Virtual Poster 21st Lancefield International Symposium for Streptococci and Streptococcal Diseases 2022

Host-dependent resistance of Group A Streptococcus to sulfamethoxazole mediated by horizontally-acquired ECF transporter S component (#302)

Kalindu M. D. Rodrigo 1 , Aarti Saiganesh 1 , Andrew J. Hayes 2 , Jack Anstey 1 , Jua Iwasaki 1 , Janessa L. Pickering 1 , Jessica Hillas 1 , Scott Winslow 1 , Tabitha Woodman 1 , Jake A. Lacey 3 , Mark P. G. van der Linden 4 , Philip M. Giffard 5 6 , Steven Y. C. Tong 3 7 , Keith A. Stubbs 8 , Jonathan R. Carapetis 1 9 , Asha C. Bowen 1 9 , Mark R. Davies 2 , Timothy C. Barnett 1 10
  1. Wesfarmers Centre of Vaccines and Infectious Diseases, Telethon Kids Institute, University of Western Australia, Nedlands, Western Australia , Australia
  2. Department of Microbiology and Immunology, University of Melbourne at the Peter Doherty Institute for Infection and Immunity, Melbourne , Victoria , Australia
  3. Department of Infectious Diseases, University of Melbourne at the Peter Doherty Institute for Infection and Immunity, Melbourne , Victoria , Australia
  4. German National Reference Center for Streptococci, Institute of Medical Microbiology, University Hospital RWTH Aachen, Aachen, Germany
  5. Menzies School of Health Research, Charles Darwin University, Darwin , Northern Territory , Australia
  6. College of Health and Human Sciences, Charles Darwin University, Darwin, Northern Territory , Australia
  7. Victorian Infectious Diseases Service, The Royal Melbourne Hospital, at the Peter Doherty Institute for Infection and Immunity, Melbourne , Victoria , Australia
  8. School of Molecular Sciences, University of Western Australia, Nedlands, Western Australia, Australia
  9. Department of Infectious Diseases, Perth Children’s Hospital, Nedlands, Western Australia , Australia
  10. School of Biomedical Sciences, University of Western Australia, Nedlands, Western Australia, Australia

Background:

Co-trimoxazole, a combination of the two antibiotics trimethoprim and sulfamethoxazole, is used to treat skin sores caused by Group A Streptococcus (GAS).
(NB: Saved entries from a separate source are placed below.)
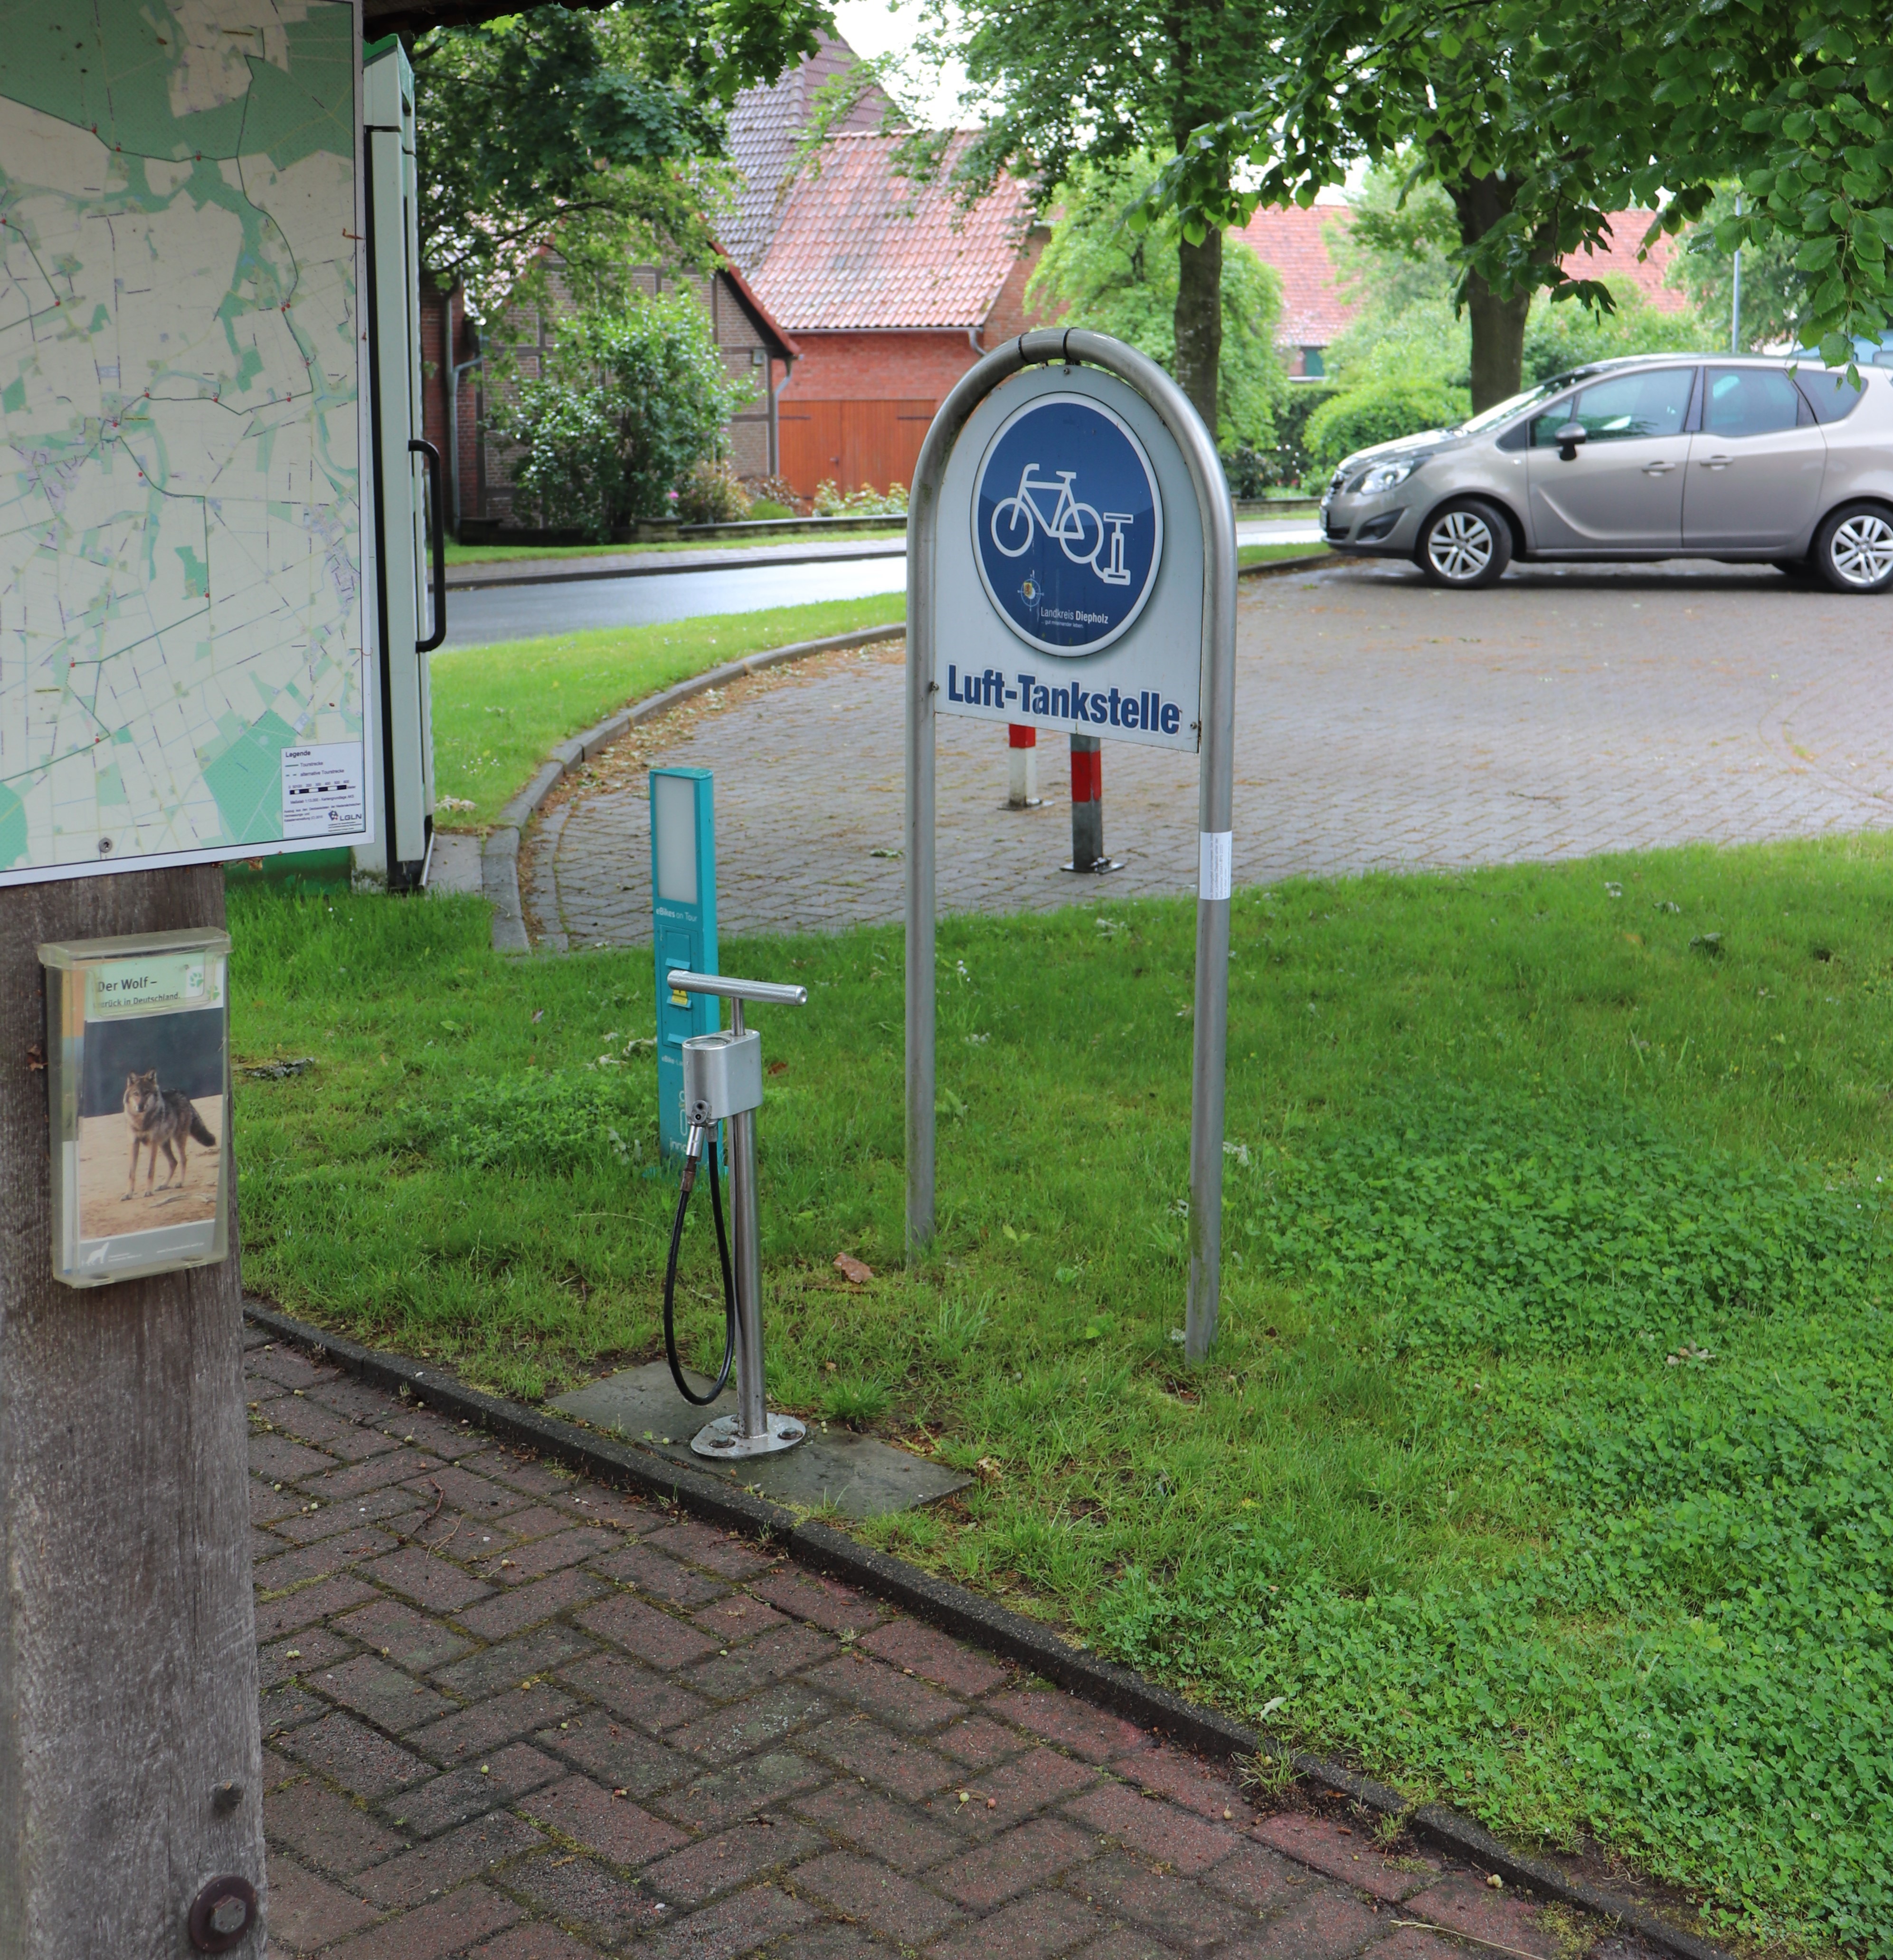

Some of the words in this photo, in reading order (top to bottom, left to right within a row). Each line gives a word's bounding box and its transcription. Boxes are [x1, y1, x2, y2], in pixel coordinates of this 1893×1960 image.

[1041, 607, 1074, 620] Landkreis
[1075, 610, 1108, 624] Diepholz
[948, 665, 1180, 735] Luft-Tankstelle
[285, 750, 311, 758] Legende
[656, 907, 675, 918] eBikes
[684, 912, 698, 922] Tour
[98, 981, 118, 992] Der
[121, 976, 149, 990] Wolf
[94, 999, 122, 1008] rück
[133, 991, 180, 1005] Deutschland.
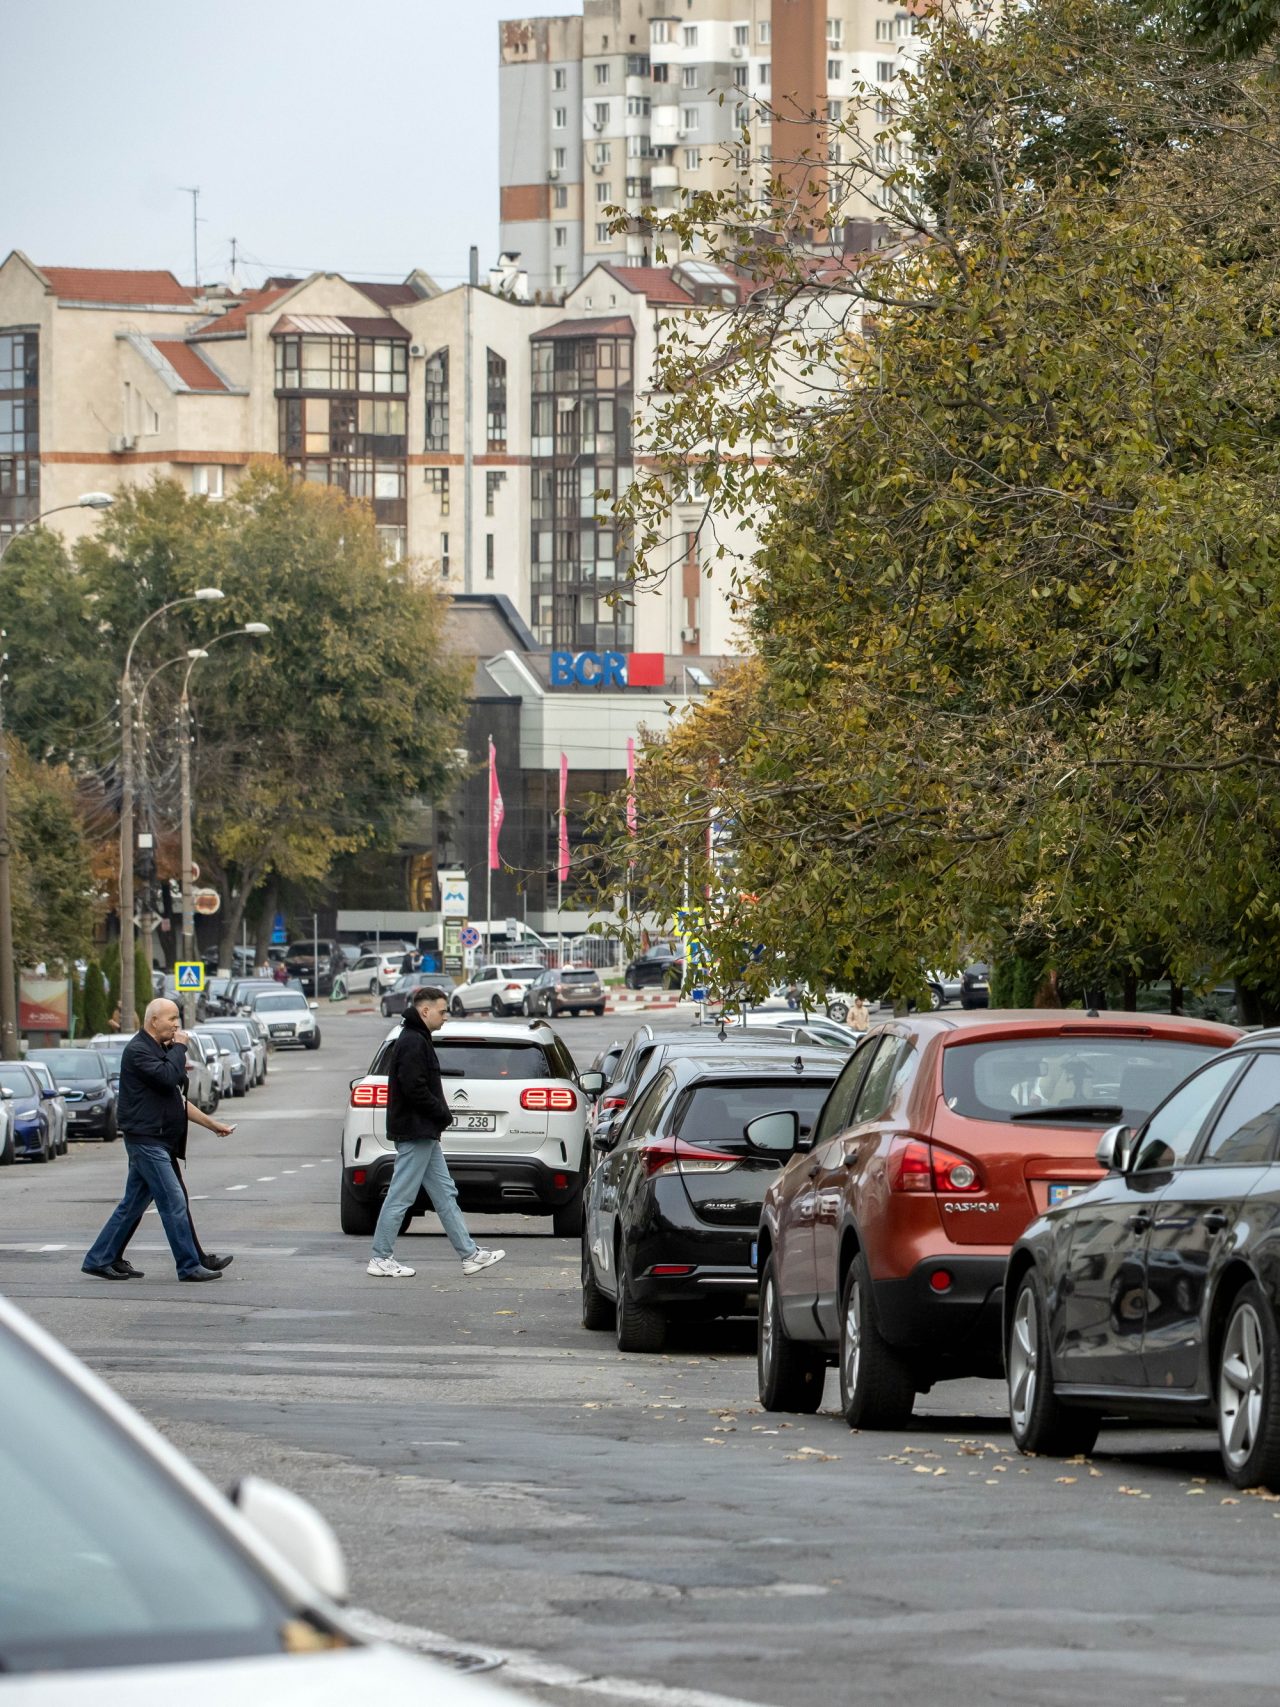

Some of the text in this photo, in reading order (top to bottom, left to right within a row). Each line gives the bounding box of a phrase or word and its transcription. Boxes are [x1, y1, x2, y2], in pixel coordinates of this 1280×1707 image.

[550, 650, 628, 688] BCR
[468, 1116, 489, 1128] 238
[944, 1202, 1000, 1213] QASHQAI
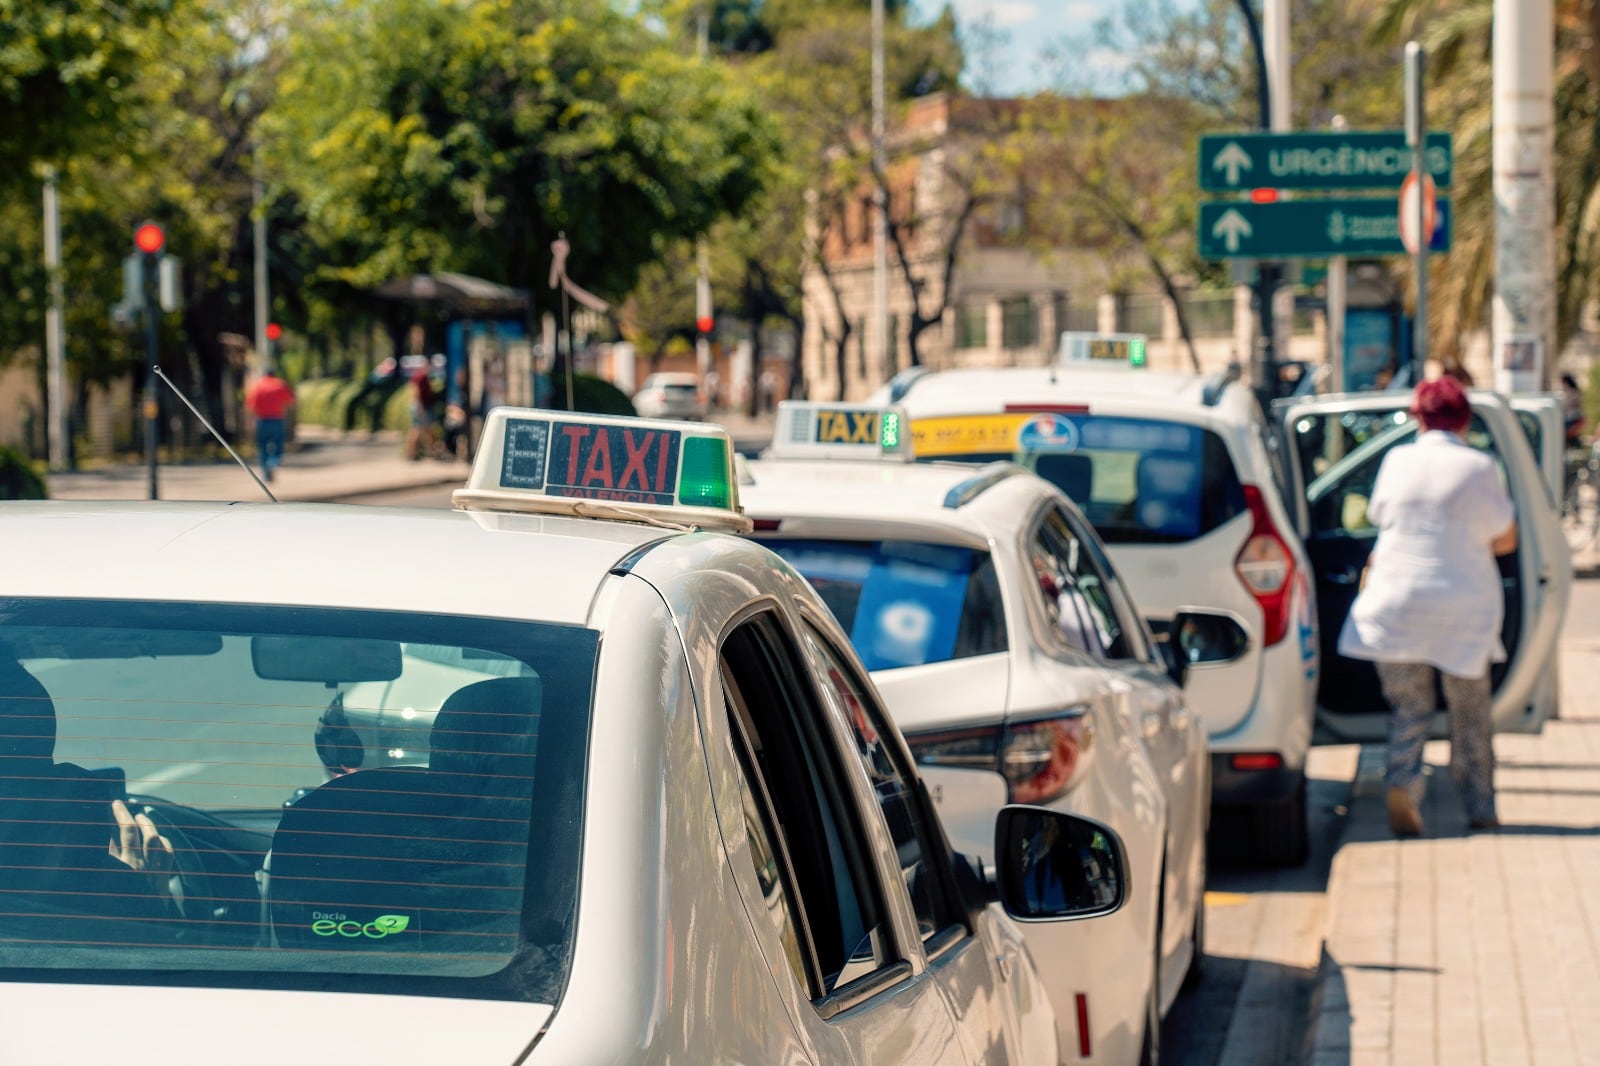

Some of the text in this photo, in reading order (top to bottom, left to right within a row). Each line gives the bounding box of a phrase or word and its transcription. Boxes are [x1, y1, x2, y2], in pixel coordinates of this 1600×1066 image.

Co-trimoxazole inhibits the synthesis of tetrahydrofolate in bacteria which is required for bacterial DNA synthesis. While the genetic mechanisms of co-trimoxazole resistance remain poorly characterised in GAS, strains with reduced susceptibility to co-trimoxazole have been reported.

Method:

Antibiotic susceptibility testing was performed according to the EUCAST guidelines. Whole genome sequencing and genomic analysis were performed to identify the genetic determinants of resistance. In vitro forced evolution assays and metabolic rescue experiments were used to identify metabolite-dependent co-trimoxazole resistance.

Results:

We identified a novel gene (thfT) that encodes an energy-coupling factor (ECF) transporter substrate-binding component. ThfT enables GAS strains to acquire extracellular tetrahydrofolate and related compounds from the host and bypass the inhibitory action of sulfamethoxazole. thfT is likely acquired by horizontal gene transfer from related Streptococcus species (Streptococcus dysgalactiae subsp. equisimilis). In the presence of tetrahydrofolate, GAS strains that encode thfT alone conferred a very high level of sulfamethoxazole resistance (>5 mg/ml) and strains with both thfT and a trimethoprim resistance gene conferred high level of cotrimoxazole resistance.

Conclusions:

Resistance mediated by ThfT in GAS currently remains undetectable by routine phenotypic susceptibility tests and genotypic surveillance methods as it requires host metabolites for the activity. This study identified a completely new antibiotic resistance mechanism and this novel paradigm of antibiotic resistance could be used to investigate host-dependent antibiotic resistance in other medically important bacterial pathogens.